2006年04月19日

「青春のお通り」 高度経済成長と自由恋愛

吉永小百合主演『青春のお通り』

吉永小百合主演のアイドル映画。基本的にはコメディとして仕立てられているけれど、扱っているテーマは結構重い。高度経済成長期における家庭の崩壊を背景に、入り乱れる自由恋愛の光と影が描かれている。

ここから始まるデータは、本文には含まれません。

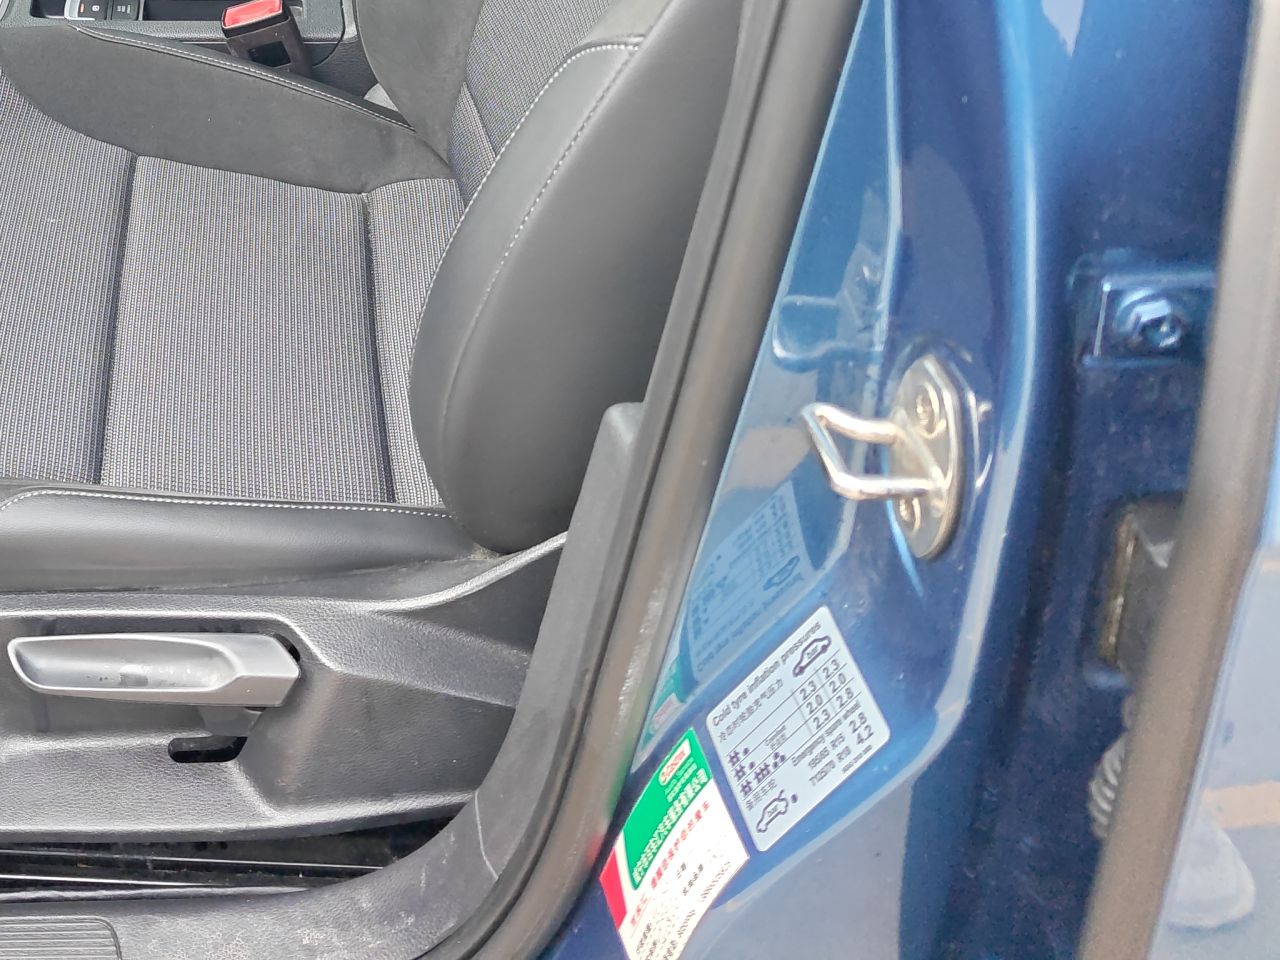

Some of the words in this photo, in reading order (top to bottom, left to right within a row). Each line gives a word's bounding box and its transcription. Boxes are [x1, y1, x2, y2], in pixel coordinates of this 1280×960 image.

[805, 644, 819, 659] bar
[711, 704, 732, 728] Cold
[730, 689, 748, 711] tyre
[746, 658, 780, 694] inflation
[779, 621, 822, 664] pressures
[798, 679, 817, 701] 2.3
[821, 657, 840, 679] 2.3
[805, 692, 824, 715] 2.0
[828, 671, 847, 693] 2.0
[812, 707, 831, 730] 2.3
[835, 685, 854, 708] 2.8
[847, 711, 867, 734] 2.8
[853, 723, 874, 747] 4.2
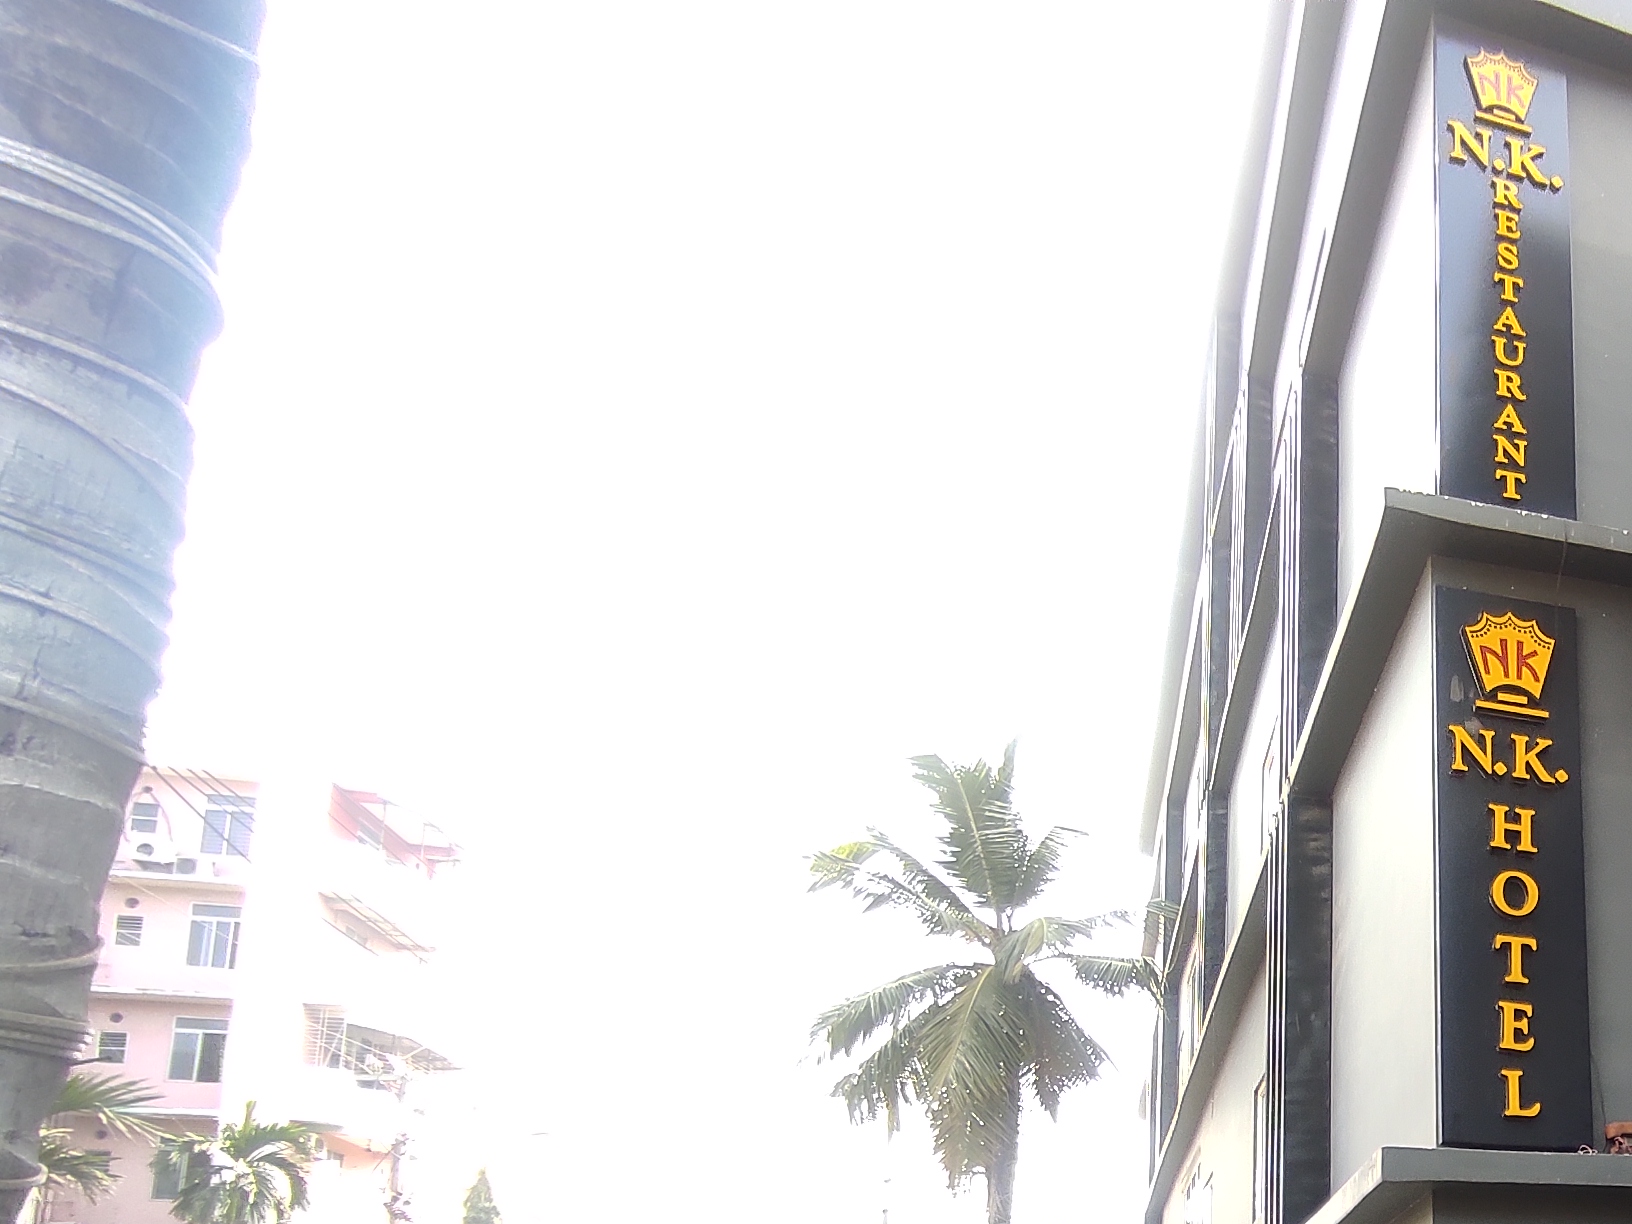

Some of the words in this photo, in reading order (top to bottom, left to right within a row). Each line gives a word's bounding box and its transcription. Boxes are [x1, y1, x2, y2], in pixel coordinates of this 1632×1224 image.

[1477, 70, 1526, 110] NK
[1447, 119, 1564, 191] N.K.
[1492, 177, 1527, 500] RESTAURANT
[1480, 638, 1540, 683] NK
[1448, 724, 1569, 784] N.K.
[1489, 803, 1541, 1117] HOTEL
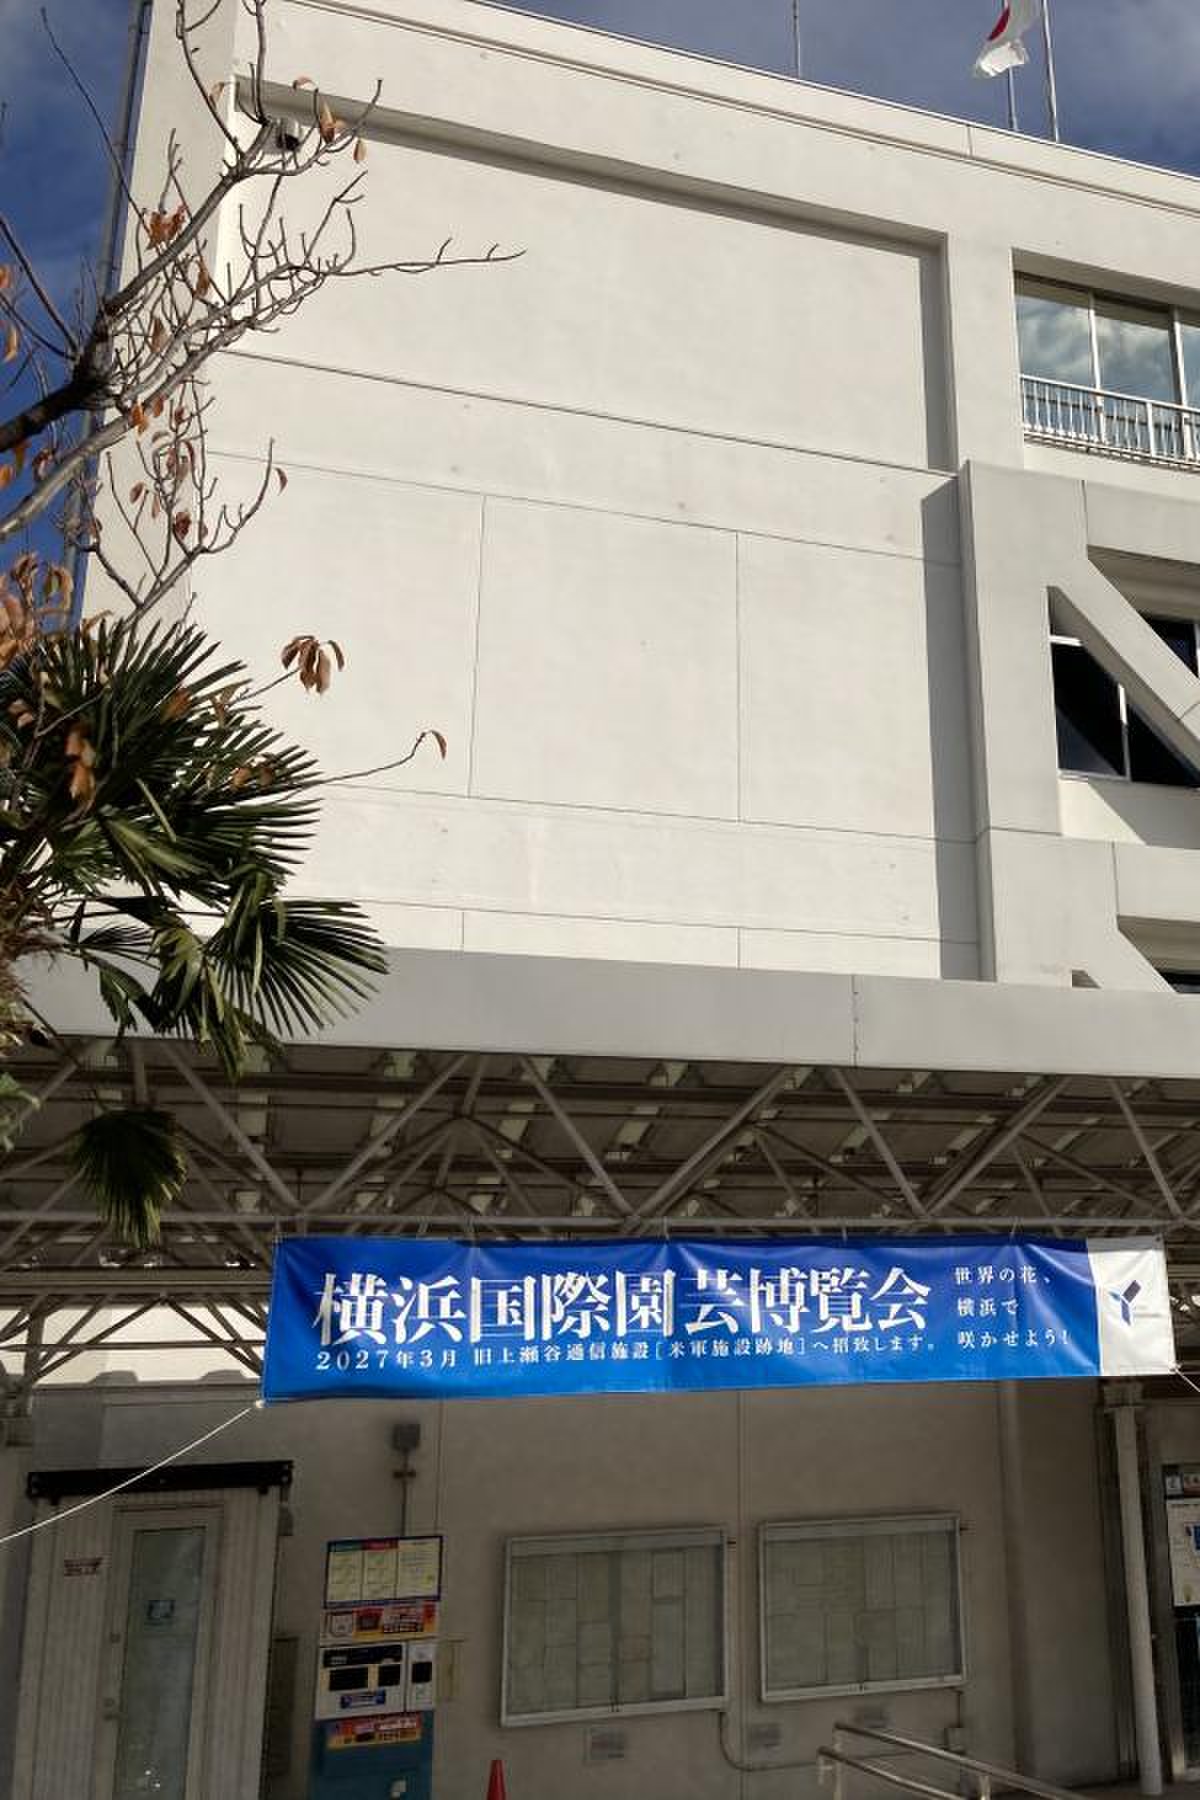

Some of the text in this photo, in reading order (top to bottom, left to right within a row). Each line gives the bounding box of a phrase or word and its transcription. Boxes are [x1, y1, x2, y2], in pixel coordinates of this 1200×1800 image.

[313, 1266, 931, 1347] 横浜国際園芸博覧会
[956, 1298, 1020, 1318] 横浜で
[316, 1348, 458, 1372] 2027年3月

seishun04.jpg高度経済成長を背景として生まれた新中流層。彼らは核家族としてニュータウンで暮らし、年老いた親は老人ホームへと隔離される。解体された家から独り離れた南原桜子は、友人の久子が住む団地に居候をするが、自活のため、務めていた会社を辞めて、住み込みで家政婦として働くことを決意する。

桜子の新しい職場は山手にある高級住宅街の豪邸である。家の主は放送作家、その妻は女優で、彼らはたいへんに贅沢な暮らしを送っている。桜子は当初、足を踏み入れた華やかな世界に魅力を感じるが、その裏側を垣間見ることによって、次第に気持ちを変化させていく。夫婦仲は既に冷め切っており、互いに愛人をつくって不倫を楽しんでいるが、相手のことは見て見ぬ振りをしている。そんな”豊かな”生活に幻滅している矢先に、桜子はある事件に遭遇してしまうのだった。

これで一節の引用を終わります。